Since I hear news in the US in such a trickle, this article on the demise of my old stomping grounds in Seattle was rather sad. Some of the reminiscences are from the same time as when I arrived in Seattle, and I, too, fondly remember getting drunk at the Cha Cha one wild New Year's Eve and dancing in the bar to "Cherry Bomb." It seems like a long time ago.

And from the New York Times, a review of a new play, "August: Osage County," which seems to me like another good excuse to visit New York (and sounds a bit like a family reunion on my mom's side). Ah, if only the money and time were unlimited ...

Ooh, and look, the 39 Steps is coming to New York ... maybe I should finally watch the movie!
webcowgirl: (ActionFigure)
I must have ingested a quart of water last night. My feeling is that if I hadn't, I'd be feeling hung over this morning. (Er, well, this afternoon, as it just rolled into the noon hour.)

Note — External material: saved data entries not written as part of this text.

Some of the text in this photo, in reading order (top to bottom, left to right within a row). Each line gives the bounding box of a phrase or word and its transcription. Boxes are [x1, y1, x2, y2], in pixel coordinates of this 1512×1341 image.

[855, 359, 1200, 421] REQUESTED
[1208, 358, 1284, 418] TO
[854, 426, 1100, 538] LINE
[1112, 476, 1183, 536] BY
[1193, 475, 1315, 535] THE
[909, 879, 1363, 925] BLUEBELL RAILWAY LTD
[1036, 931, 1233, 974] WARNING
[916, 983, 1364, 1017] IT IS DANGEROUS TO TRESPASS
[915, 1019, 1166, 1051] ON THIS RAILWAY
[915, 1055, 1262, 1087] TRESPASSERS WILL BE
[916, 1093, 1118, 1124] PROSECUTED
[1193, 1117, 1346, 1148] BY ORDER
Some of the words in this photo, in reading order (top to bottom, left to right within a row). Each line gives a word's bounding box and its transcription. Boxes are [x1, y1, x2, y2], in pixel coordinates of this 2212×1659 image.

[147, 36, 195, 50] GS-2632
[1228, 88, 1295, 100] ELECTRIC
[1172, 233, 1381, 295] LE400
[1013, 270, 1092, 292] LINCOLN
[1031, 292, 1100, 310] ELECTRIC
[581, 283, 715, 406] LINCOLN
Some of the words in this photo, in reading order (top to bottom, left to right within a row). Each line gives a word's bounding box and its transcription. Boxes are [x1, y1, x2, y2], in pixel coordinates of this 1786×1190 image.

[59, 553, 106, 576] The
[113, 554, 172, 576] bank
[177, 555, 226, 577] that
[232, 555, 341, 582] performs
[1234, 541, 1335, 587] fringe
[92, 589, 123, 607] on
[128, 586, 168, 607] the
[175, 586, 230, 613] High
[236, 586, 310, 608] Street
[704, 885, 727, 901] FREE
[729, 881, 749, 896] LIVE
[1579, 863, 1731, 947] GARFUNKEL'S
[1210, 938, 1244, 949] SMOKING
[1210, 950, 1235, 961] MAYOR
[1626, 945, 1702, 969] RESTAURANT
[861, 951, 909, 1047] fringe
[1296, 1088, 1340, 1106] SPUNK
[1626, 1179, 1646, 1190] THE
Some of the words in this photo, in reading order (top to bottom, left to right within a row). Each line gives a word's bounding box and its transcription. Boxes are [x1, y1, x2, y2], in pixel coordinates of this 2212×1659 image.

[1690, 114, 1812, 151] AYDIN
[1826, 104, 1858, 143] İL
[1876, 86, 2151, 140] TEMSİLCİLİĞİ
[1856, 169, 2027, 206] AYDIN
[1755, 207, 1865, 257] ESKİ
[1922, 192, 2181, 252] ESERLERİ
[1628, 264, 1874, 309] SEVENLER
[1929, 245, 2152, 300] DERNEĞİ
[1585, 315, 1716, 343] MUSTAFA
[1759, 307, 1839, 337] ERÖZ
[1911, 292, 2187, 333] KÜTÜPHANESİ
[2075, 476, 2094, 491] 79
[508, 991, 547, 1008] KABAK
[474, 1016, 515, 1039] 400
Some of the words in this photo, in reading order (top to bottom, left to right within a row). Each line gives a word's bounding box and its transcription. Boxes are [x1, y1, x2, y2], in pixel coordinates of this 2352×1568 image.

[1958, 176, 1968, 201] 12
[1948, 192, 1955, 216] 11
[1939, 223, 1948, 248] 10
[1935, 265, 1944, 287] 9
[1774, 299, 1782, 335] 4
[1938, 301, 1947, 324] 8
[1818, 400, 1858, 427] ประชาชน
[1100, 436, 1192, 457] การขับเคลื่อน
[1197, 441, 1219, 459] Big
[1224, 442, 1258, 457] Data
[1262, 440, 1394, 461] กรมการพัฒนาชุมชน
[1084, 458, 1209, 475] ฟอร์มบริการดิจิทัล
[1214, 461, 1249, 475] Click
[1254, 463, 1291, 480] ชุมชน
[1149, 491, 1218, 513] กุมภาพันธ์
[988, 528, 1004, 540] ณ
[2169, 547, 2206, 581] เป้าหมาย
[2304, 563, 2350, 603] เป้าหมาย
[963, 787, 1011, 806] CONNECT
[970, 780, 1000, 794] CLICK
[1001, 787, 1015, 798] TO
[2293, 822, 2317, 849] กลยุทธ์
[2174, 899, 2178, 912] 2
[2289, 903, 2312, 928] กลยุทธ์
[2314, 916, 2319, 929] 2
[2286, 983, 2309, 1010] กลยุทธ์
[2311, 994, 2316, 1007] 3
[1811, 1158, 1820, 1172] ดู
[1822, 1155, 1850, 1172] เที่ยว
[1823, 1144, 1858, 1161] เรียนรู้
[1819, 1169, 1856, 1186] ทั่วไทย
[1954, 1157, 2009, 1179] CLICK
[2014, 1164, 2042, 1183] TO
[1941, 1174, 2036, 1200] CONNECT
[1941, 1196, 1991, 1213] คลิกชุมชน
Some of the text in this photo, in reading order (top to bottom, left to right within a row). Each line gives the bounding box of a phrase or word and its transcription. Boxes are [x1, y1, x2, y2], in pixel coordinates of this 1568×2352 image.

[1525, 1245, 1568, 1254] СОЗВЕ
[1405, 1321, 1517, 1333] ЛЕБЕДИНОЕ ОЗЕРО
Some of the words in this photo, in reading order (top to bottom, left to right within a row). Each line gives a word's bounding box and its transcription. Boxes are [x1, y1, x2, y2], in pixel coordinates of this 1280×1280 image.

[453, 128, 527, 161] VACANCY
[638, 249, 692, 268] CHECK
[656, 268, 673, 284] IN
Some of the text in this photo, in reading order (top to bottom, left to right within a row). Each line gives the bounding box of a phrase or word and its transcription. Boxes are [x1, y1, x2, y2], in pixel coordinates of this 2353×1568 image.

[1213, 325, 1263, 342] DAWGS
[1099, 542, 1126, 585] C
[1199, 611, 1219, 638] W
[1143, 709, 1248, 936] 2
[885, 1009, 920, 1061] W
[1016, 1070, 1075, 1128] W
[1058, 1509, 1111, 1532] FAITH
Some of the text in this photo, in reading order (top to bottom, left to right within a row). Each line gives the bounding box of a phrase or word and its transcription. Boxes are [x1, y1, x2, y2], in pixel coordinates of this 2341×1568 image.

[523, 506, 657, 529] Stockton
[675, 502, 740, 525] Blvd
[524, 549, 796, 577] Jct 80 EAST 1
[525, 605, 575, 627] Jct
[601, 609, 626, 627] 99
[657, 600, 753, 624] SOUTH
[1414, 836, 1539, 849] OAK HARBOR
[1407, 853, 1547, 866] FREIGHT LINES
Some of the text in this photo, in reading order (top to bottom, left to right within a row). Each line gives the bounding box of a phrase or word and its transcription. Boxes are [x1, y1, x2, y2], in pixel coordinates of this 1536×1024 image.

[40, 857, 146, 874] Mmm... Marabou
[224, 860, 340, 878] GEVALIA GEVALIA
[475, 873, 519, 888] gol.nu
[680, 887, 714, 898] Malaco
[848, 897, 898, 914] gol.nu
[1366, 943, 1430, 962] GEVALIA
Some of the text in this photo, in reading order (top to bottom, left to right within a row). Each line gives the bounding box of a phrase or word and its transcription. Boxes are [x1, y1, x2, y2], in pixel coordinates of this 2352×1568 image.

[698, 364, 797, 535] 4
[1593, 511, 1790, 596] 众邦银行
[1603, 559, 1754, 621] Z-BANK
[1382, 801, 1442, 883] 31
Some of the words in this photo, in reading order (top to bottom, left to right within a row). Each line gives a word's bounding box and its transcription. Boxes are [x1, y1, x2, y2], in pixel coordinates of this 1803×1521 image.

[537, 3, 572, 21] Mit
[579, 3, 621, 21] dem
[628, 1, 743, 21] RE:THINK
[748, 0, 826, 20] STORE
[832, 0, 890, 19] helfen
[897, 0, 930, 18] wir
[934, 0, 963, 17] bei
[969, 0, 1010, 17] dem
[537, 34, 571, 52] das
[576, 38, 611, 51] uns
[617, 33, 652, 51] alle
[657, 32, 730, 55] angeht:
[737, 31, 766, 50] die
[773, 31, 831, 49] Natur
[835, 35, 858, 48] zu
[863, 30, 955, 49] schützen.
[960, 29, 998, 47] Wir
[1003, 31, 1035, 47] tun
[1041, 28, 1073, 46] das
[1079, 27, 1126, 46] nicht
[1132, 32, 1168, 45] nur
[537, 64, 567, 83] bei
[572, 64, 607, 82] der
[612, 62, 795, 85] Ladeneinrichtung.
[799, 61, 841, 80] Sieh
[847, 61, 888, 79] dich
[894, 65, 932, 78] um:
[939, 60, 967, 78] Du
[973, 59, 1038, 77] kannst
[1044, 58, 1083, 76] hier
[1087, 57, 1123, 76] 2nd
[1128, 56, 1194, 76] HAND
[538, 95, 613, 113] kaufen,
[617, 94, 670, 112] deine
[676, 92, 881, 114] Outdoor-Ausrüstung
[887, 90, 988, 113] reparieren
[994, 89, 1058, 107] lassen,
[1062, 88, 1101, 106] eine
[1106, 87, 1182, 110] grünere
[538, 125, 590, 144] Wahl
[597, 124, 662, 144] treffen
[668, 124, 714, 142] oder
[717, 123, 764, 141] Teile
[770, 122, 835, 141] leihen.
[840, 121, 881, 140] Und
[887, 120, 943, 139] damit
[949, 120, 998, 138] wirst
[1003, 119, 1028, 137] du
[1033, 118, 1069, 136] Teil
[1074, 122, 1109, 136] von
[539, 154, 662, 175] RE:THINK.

Latest re: job: they want me to submit the visa myself. There's some kind of "urgent" thing you can do when you have a job offer. This is all fine except I still have no idea when everything will be ready, and I also need to have a proper visa. I just worry they'll lose interest while I'm dicking around. I really need to get the letter from my boss and the letter from my former coworker. Aaargh. I'll ask the one I've been reliably in contact with if he'll write the letter for me instead. Wait, no, I'll send it back to Jim and then bug Cort.

Last night: [livejournal.com profile] xxxlibris and I had a great time at the ballet and a really good visit to boot. Carlos Acosta was a god and he blew my mind when he was dancing Vaganova’s "Diana & Acteon pas de deux " - there was some thing where he twisted in the air like a cat trying to right himself and I was positive that he was simultaneously defying the laws of gravity, human anatomy, and (possibly) space and time. I gasped, I had goosebumps. Wow. And the girl he was dancing with ... was positively ethereal. I felt like I was seeing all of the A-listers on stage at once and I just loved it. How will I spend my mid-year bonus (the one hopefully waiting for me when I get home)? With season tickets to the Royal Ballet. Oh baby.

I've already got my mind on stuff I need to take care of if I only have a month before I leave ... gum surgery ... year's supply of prescriptions ... kayak trip with [livejournal.com profile] shadowdaddy ... I have no idea what I would need to move over here or how I would handle things. It's enough to make my mind spin, though, truth be told, I think this is exactly what this little brain of mine is made for.